> [The task]: Record by record, write out the listing word for word while omitting pictures.

> [Records shown]:

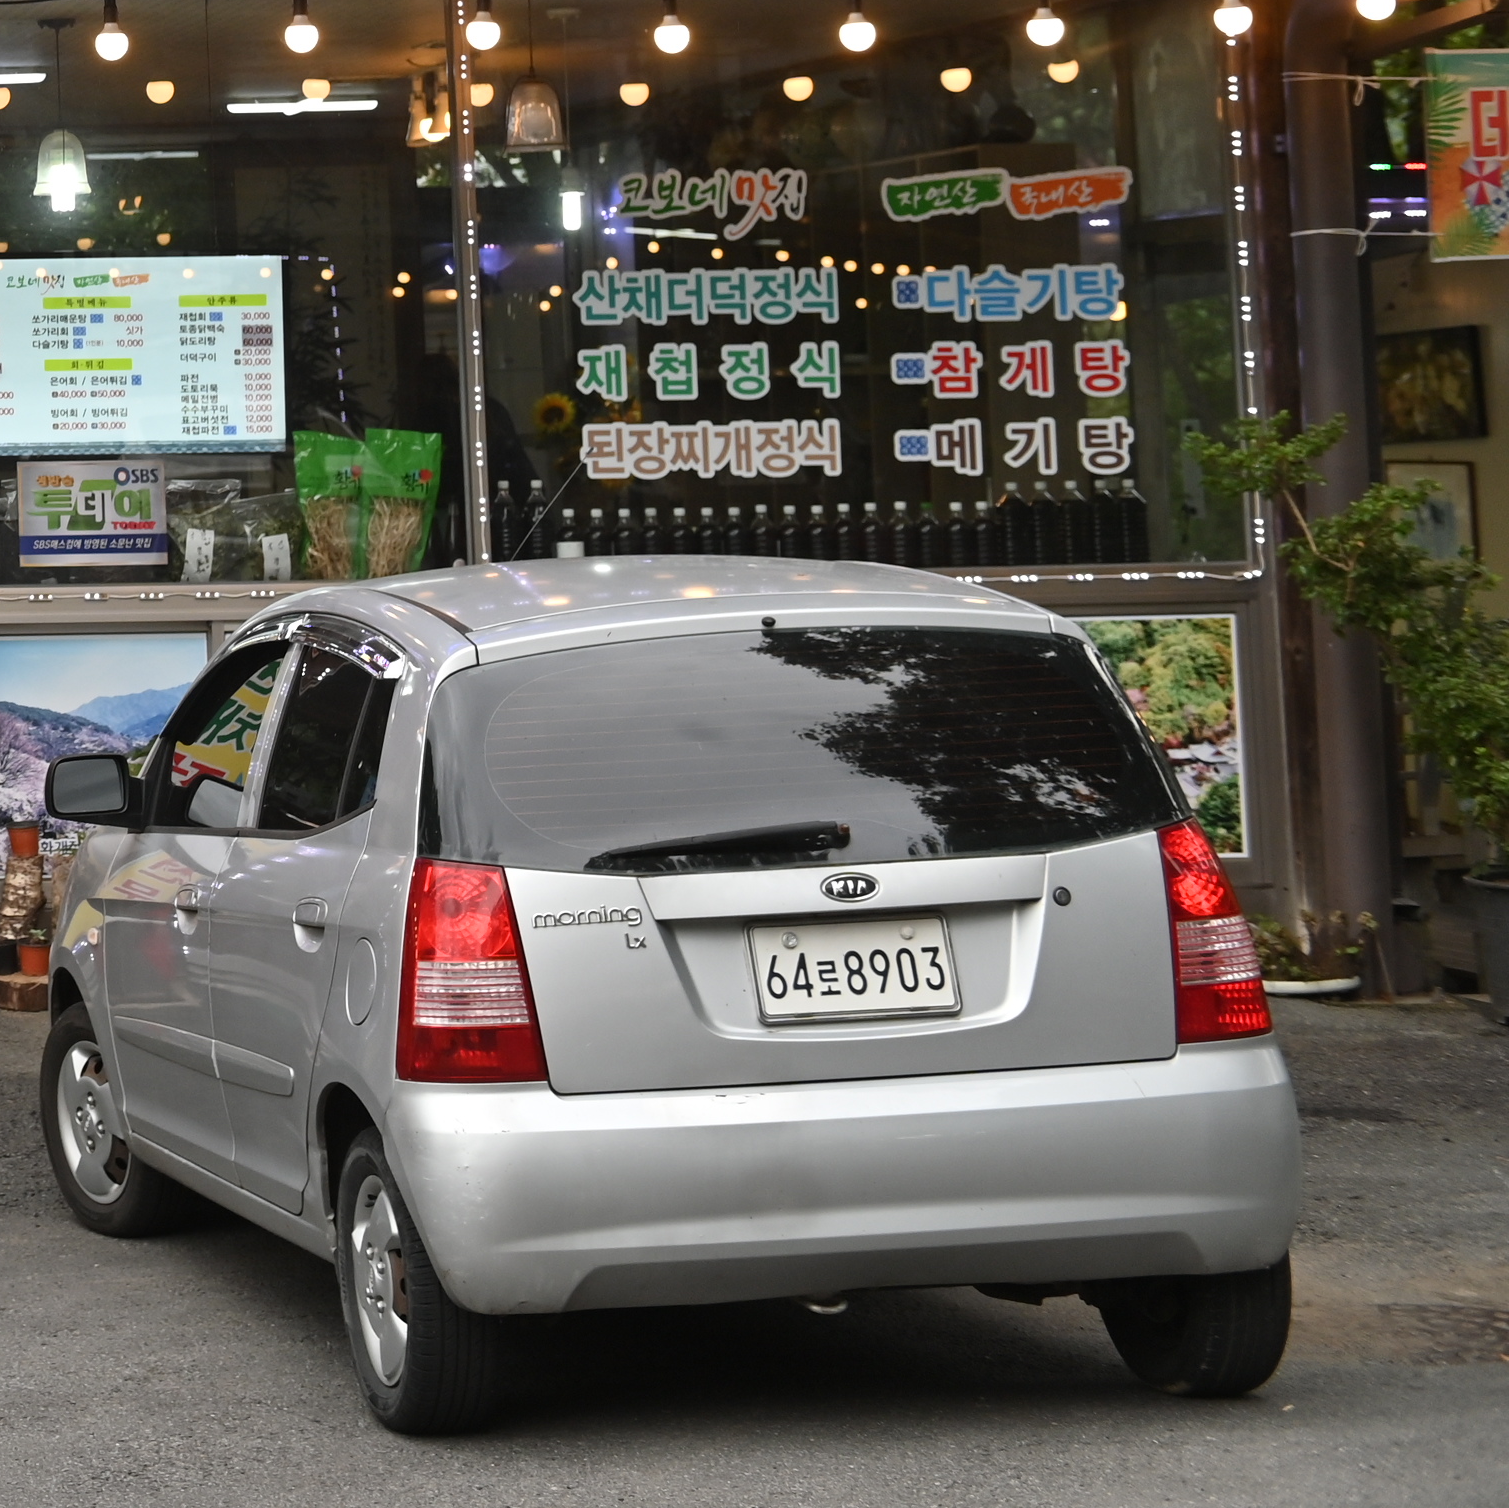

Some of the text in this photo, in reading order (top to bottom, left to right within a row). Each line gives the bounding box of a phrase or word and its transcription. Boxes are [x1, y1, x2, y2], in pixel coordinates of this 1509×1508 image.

[896, 179, 1094, 214] 자연산 국내산
[577, 271, 837, 323] 산채더덕정식
[925, 267, 1122, 319] 다슬기탕
[65, 298, 108, 308] 특별메뉴
[206, 296, 238, 306] 안주류
[32, 313, 143, 325] 쏘가리매운탕 80,000
[179, 311, 271, 322] 재첩회 30,000
[32, 326, 144, 337] 쏘가리회 싯가
[179, 324, 273, 335] 토종닭백숙 60,000
[32, 338, 143, 350] 다슬기탕 10,000
[180, 336, 273, 347] 닭도리탕 60,000
[180, 347, 271, 363] 더덕구이 20,000
[242, 357, 271, 367] 30,000
[581, 345, 838, 398] 재첩정식
[931, 345, 1126, 393] 참게탕
[50, 375, 128, 387] 은어회 은어튀김
[181, 372, 272, 383] 파전 10,000
[181, 383, 272, 394] 도토리묵 10,000
[181, 393, 272, 405] 메밀전병 10,000
[51, 408, 128, 419] 빙어회 빙어튀김
[181, 404, 272, 415] 수수부꾸미 10,000
[181, 414, 273, 425] 표고버섯전 12,000
[181, 424, 273, 436] 재첩파전 15,000
[585, 422, 839, 476] 된장찌개정식
[934, 421, 1131, 472] 메기탕
[36, 468, 159, 488] 생방송 SBS
[26, 479, 153, 531] 투데이
[111, 521, 157, 530] TODAY
[32, 537, 153, 550] SBS매스컴에 방영된 소문난 맛집
[830, 878, 869, 898] KIA
[531, 903, 642, 929] morning
[765, 945, 947, 1000] 64로8903
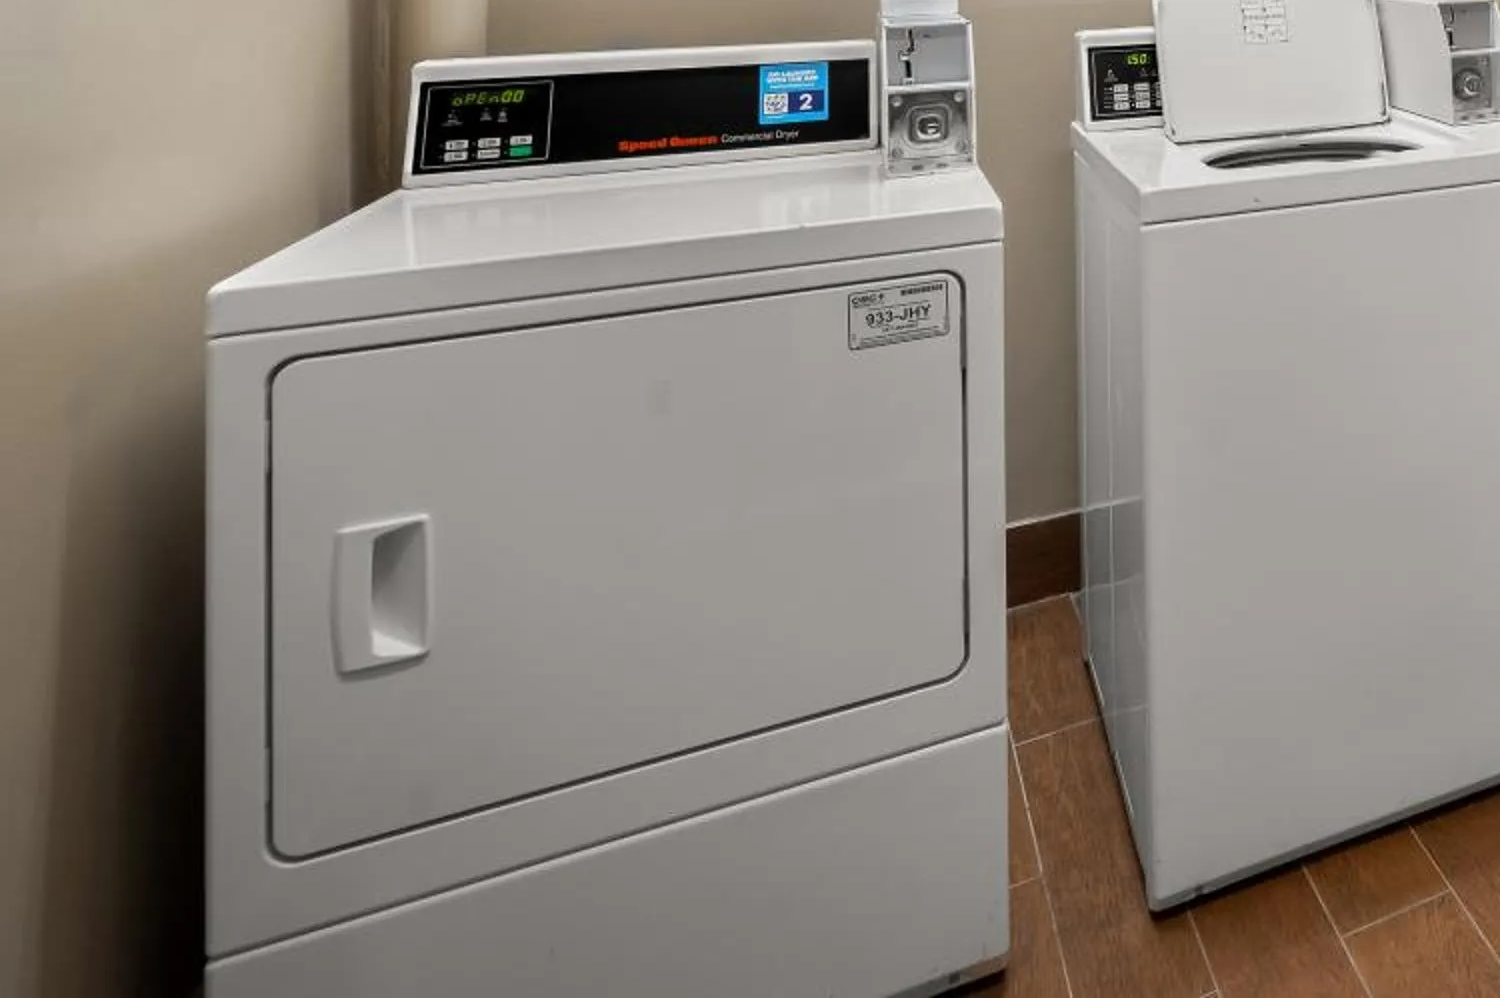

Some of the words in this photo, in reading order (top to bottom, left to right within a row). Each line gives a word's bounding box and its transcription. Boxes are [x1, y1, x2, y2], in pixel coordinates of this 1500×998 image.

[799, 93, 813, 111] 2
[775, 129, 800, 141] Dryer
[865, 303, 932, 326] 933-JHY

> [Finished exercise]:
Some of the text in this photo, in reading order (top to bottom, left to right within a row). Each line gives the bounding box of a phrase or word and its transcription. Boxes are [x1, y1, x2, y2], in pixel coordinates of this 1509×1508 image.

[896, 179, 1094, 214] 자연산 국내산
[577, 271, 837, 323] 산채더덕정식
[925, 267, 1122, 319] 다슬기탕
[65, 298, 108, 308] 특별메뉴
[206, 296, 238, 306] 안주류
[32, 313, 143, 325] 쏘가리매운탕 80,000
[179, 311, 271, 322] 재첩회 30,000
[32, 326, 144, 337] 쏘가리회 싯가
[179, 324, 273, 335] 토종닭백숙 60,000
[32, 338, 143, 350] 다슬기탕 10,000
[180, 336, 273, 347] 닭도리탕 60,000
[180, 347, 271, 363] 더덕구이 20,000
[242, 357, 271, 367] 30,000
[581, 345, 838, 398] 재첩정식
[931, 345, 1126, 393] 참게탕
[50, 375, 128, 387] 은어회 은어튀김
[181, 372, 272, 383] 파전 10,000
[181, 383, 272, 394] 도토리묵 10,000
[181, 393, 272, 405] 메밀전병 10,000
[51, 408, 128, 419] 빙어회 빙어튀김
[181, 404, 272, 415] 수수부꾸미 10,000
[181, 414, 273, 425] 표고버섯전 12,000
[181, 424, 273, 436] 재첩파전 15,000
[585, 422, 839, 476] 된장찌개정식
[934, 421, 1131, 472] 메기탕
[36, 468, 159, 488] 생방송 SBS
[26, 479, 153, 531] 투데이
[111, 521, 157, 530] TODAY
[32, 537, 153, 550] SBS매스컴에 방영된 소문난 맛집
[830, 878, 869, 898] KIA
[531, 903, 642, 929] morning
[765, 945, 947, 1000] 64로8903

Some of the words in this photo, in reading order (top to bottom, left to right within a row). Each line gives a word's bounding box and its transcription. Boxes are [x1, y1, x2, y2], in pixel coordinates of this 1500×998 image.

[799, 93, 813, 111] 2
[775, 129, 800, 141] Dryer
[865, 303, 932, 326] 933-JHY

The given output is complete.